Chocolate Peanut Butter Cup Cake

  1. For the cake:
  2. Preheat oven to 350 degrees.
  3. Mix together cake mix, eggs, oil, water, sour cream, pudding mix, and chocolate chips. (I think leaving out the chocolate chips would have helped make the cake not as overwhelmingly rich. But if you love your chocolate, keep em in!)
  4. Divide batter evenly into 2 well-greased round 9" cake pans. Bake for 30 to 35 minutes and cool completely.
  5. For the frosting:
  6. Blend together sugar, milk, butter, peanut butter and vanilla until smooth. (Add more milk for a thinner frosting and more sugar if you want it thicker.)
  7. To assemble the cake:
  8. Cut each cooled cake with a serrated knife into halves, creating 4 layers.
  9. Use 1/3 of peanut butter frosting between each layer.
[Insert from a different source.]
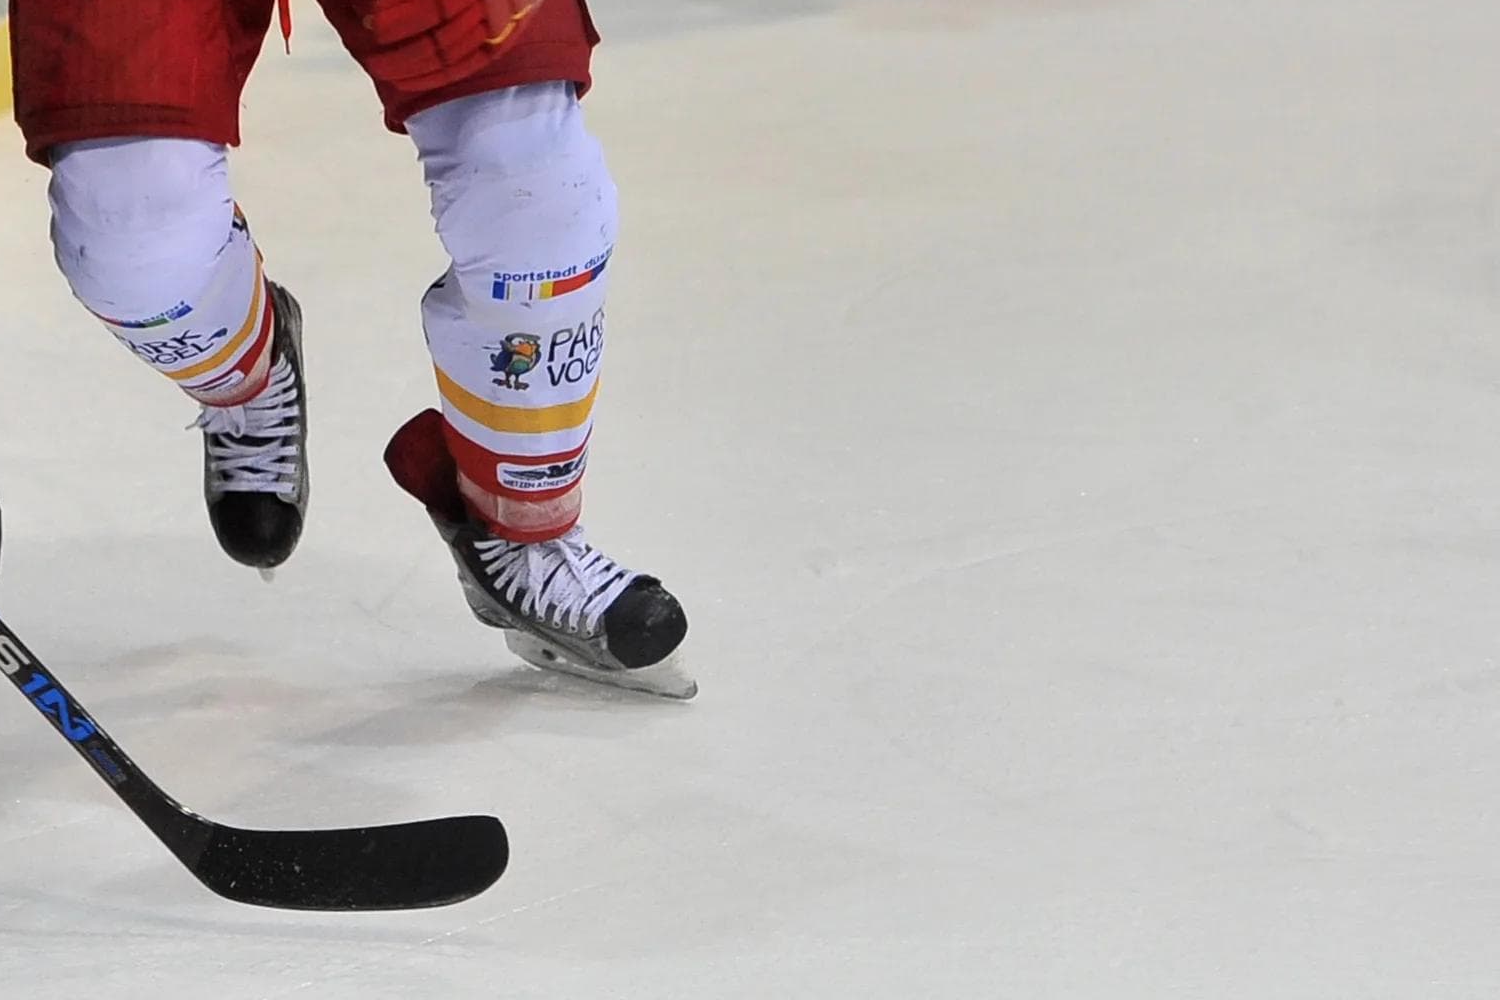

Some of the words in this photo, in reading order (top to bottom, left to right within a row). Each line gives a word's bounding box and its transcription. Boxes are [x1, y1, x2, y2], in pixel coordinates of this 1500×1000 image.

Cover the top and sides of the cake with cream cheese frosting. Decorate as you wish with peanut butter cups!
  10. (I cut peanut butter cups in half to create the border around the top. For the crumbly peanut butter cup topping, I put peanut butter cups into a blender to crumble them and sprinkled them on top.)

mix, eggs, canola oil, water, cream, chocolate, chocolate chips, butter, cream cheese frosting, peanut butter, powdered sugar, ubc, ubc, smooth peanut butter, vanilla

Taken from tastykitchen.com/recipes/desserts/chocolate-peanut-butter-cup-cake/ (may not work)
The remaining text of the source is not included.